Non che si sia così lontani: l’euro viene scambiato contro il dollaro a 1,05 nel momento in cui scriviamo, complice un trend negativo che ha accelerato durante l’estate e che – dati alla mano – potrebbe continuare anche se dipendesse soltanto dal differenziale tra i tassi UE e quelli fissati da Federal Reserve. Per le due banche d’affari però il problema sarebbe più ampio e difficile da invertire, ammesso e non concesso che esista la volontà politica di farlo.
Ancora guai per l’euro: parlano due delle principali banche d’affari mondiali
Come abbiamo scritto in apertura, una fonte autorevole non trasforma comunque le opinioni in realtà. Sia JP Morgan che Citibank hanno in passato offerto analisi sbagliate e contrarie a quanto poi si è verificato. Non che sia una colpa – nessuno può effettuare previsioni corrette il 100% delle volte – ma è bene specificarlo prima di affrontare l’analisi offerta dai due gruppi.

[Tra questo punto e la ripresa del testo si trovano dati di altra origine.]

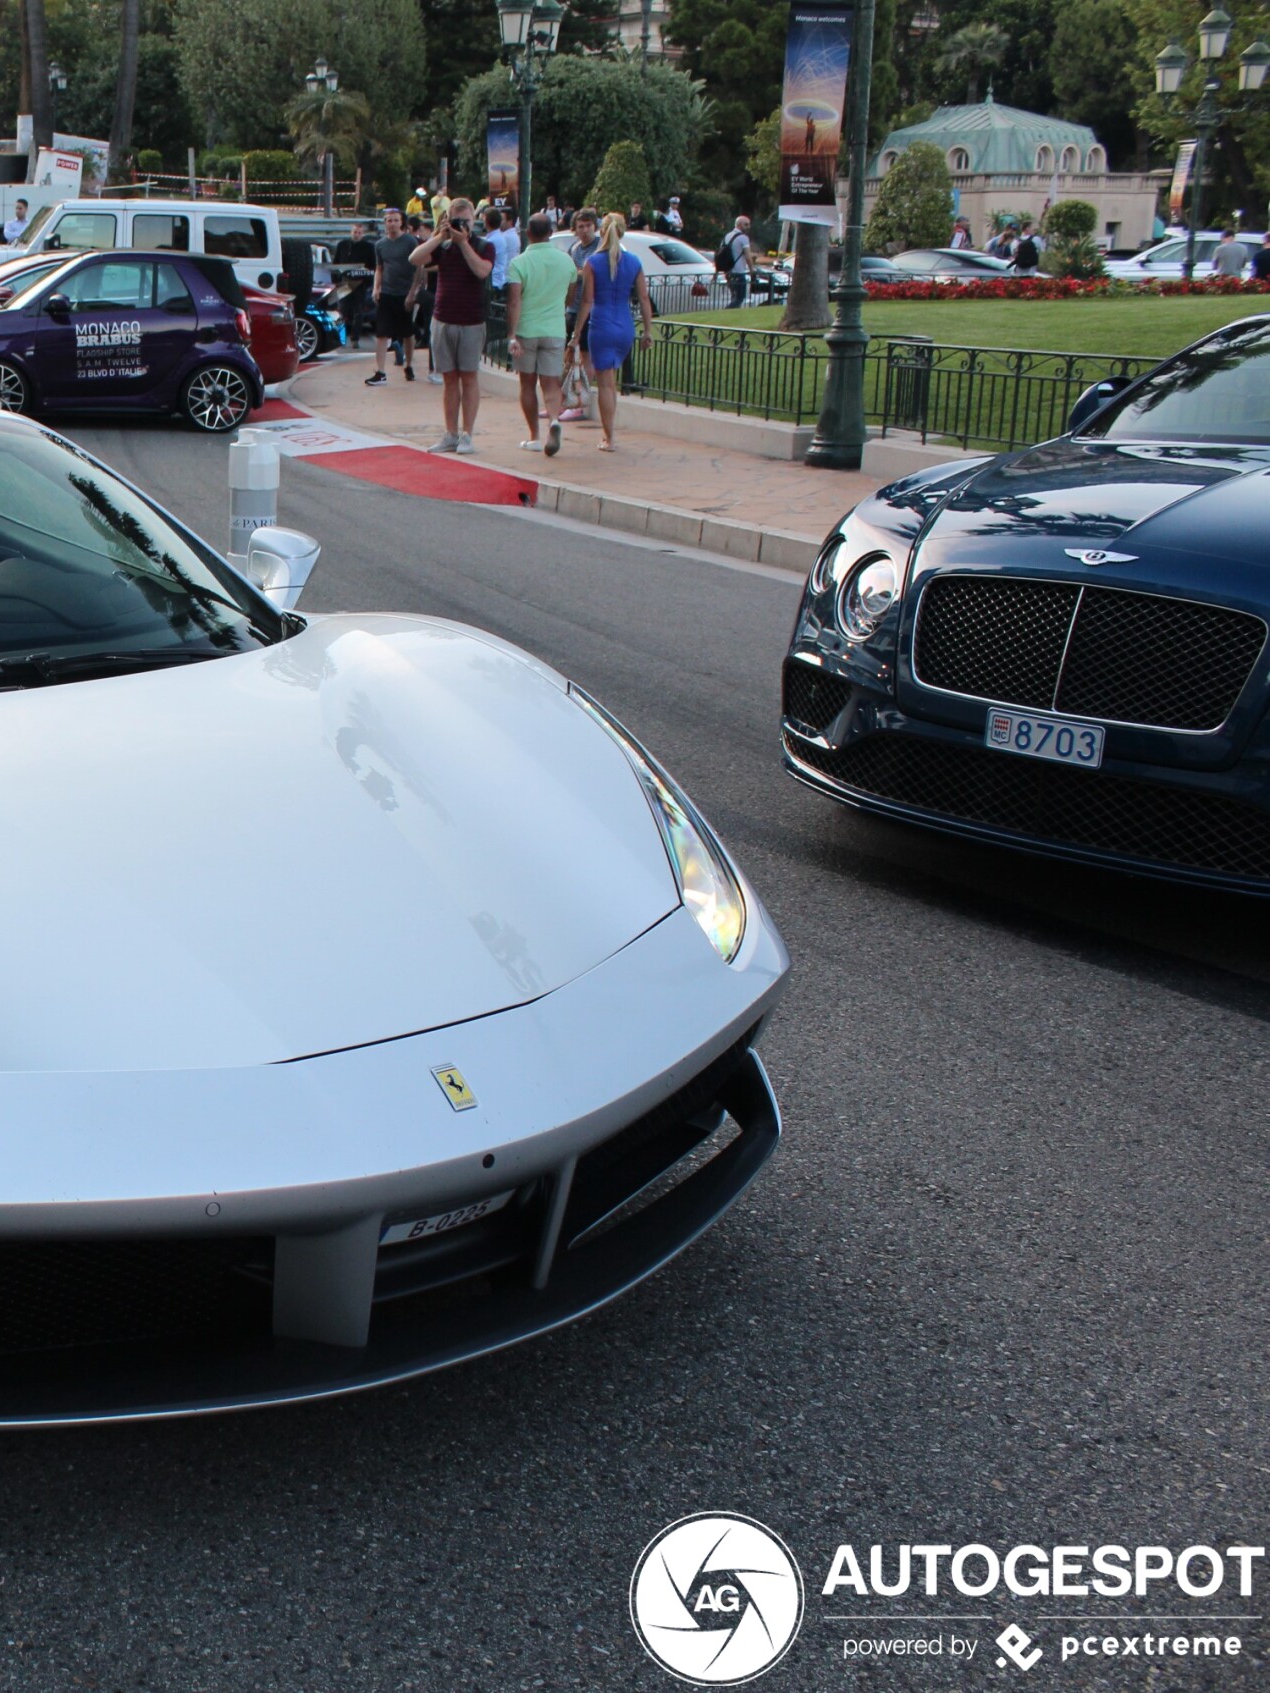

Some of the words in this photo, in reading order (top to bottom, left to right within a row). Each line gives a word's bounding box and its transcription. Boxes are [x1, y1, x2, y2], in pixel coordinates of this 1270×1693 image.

Sono analisi concordanti su un fatto specifico che interessa il mercato del Forex: la discesa dell’euro nei confronti del dollaro potrebbe essere ancora lontana dalla fine.
Da metà luglio la valuta dell’Unione ha perso il 6% e potrebbe perdere, secondo le previsioni dei due gruppi, un ulteriore 5% – perdita che porterebbe EUR/USD alla parità. È una previsione che parte da lontano e che guarda altrettanto lontano: secondo gli analisti l’euro non avrebbe ancora prezzato diverse incertezze presenti a Francoforte ma non a Washington, tra le quali i rischi geopolitici e la crescita stagnante che ha colpito la sua locomotiva. Situazioni che sarebbero però – aggiungiamo noi – soltanto parzialmente lontane da Washington, la quale dovrà fare fronte almeno sul fronte geopolitico a rischi altrettanto importanti.
Washington è più credibile
Torna un vecchio leitmotiv del mondo finanziario globale: in situazioni di crisi, la valuta degli Stati Uniti assume quasi sempre lo status di safe haven, di porto sicuro al quale si rivolgono i più dubbiosi, i più incerti e i più preoccupati. A questo status che il dollaro USA si è guadagnato con decenni di ottime performance rispetto alle altre valute, si aggiunge una resilienza maggiore dell’economia USA rispetto alle altre economie sviluppate, nonché una maggiore indipendenza di Federal Reserve da pressioni politiche.
Pressioni politiche che per quanto trovino poco spazio all’interno della stampa finanziaria, stanno invece già montando in Europa, in particolare in concomitanza con la crisi che sta colpendo almeno due delle quattro principali economie dell’Unione. Se per l’Italia non è una novità esercitare pressioni per tassi più bassi (e per chiudere un occhio sull’inflazione), lo è per la Germania, che a fronte di problemi importanti per la crescita (che in molti ritengono strutturali) potrebbe ammorbidire i suoi atteggiamenti hawkish sui tassi.
Il differenziale tra i tassi è già importante e la maggior parte degli operatori di mercato, per quanto si stia avvicinando il termine del ciclo restrittivo anche negli USA, ritengono Fed nella posizione di poter imporre un ulteriore rialzo, possibilità che invece a Francoforte perde quota.
Con questi presupposti è naturale che i mercati continuino a maturare un sentiment bearish sull’euro nei confronti del dollaro.
E anche se è un tema del quale parleremo approfonditamente più avanti, per l’Europa pesa anche il pessimo outlook energetico, o almeno pesa più che negli States.